GIVEN RECORDS:
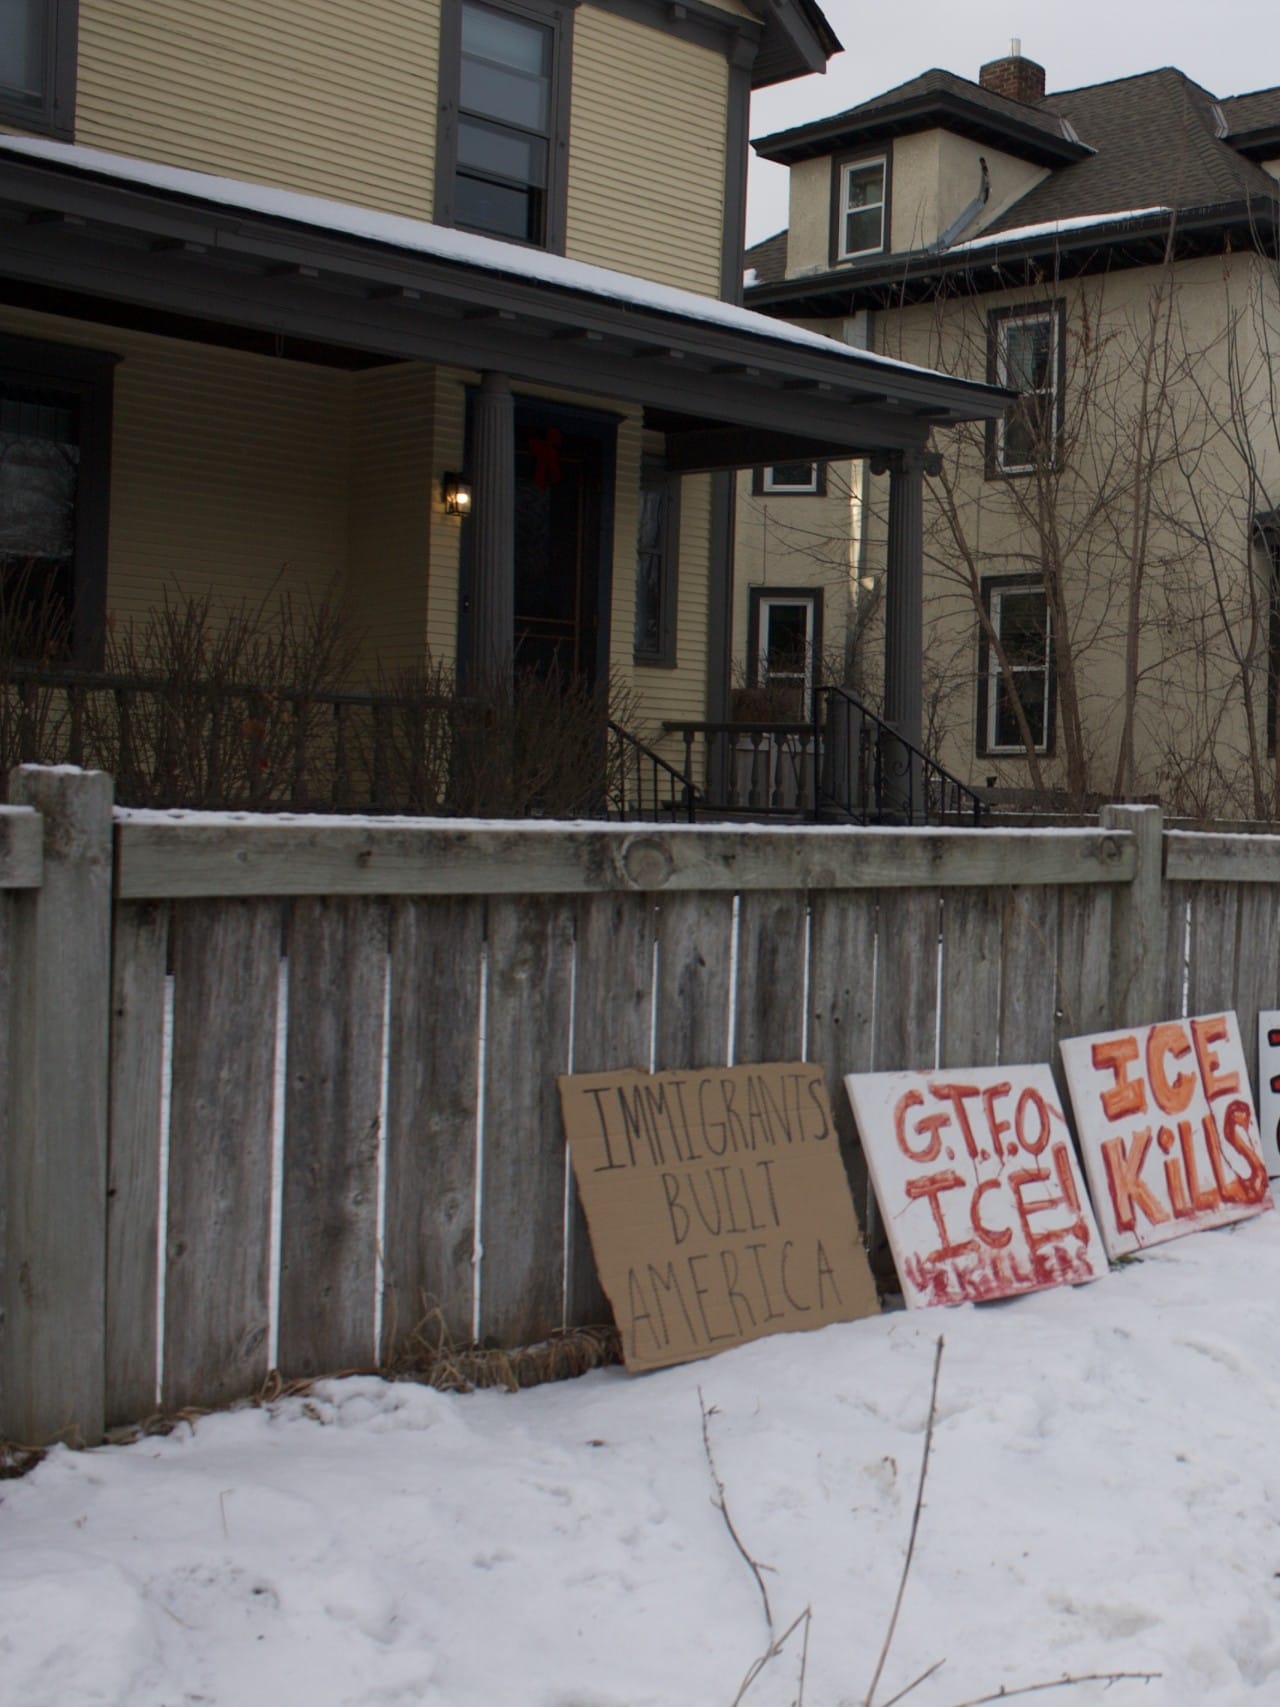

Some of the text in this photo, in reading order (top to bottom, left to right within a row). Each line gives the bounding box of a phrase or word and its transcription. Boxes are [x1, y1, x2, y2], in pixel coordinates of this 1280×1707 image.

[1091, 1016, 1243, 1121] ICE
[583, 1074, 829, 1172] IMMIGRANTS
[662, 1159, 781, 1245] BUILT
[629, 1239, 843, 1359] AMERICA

EXERCISE: Print out all the material word for word but exclude any images.

ANSWER SECTION:
Some of the text in this photo, in reading order (top to bottom, left to right within a row). Each line gives the bounding box of a phrase or word and its transcription. Boxes are [x1, y1, x2, y2], in pixel coordinates of this 1280×1707 image.

[1091, 1016, 1243, 1121] ICE
[583, 1074, 829, 1172] IMMIGRANTS
[662, 1159, 781, 1245] BUILT
[629, 1239, 843, 1359] AMERICA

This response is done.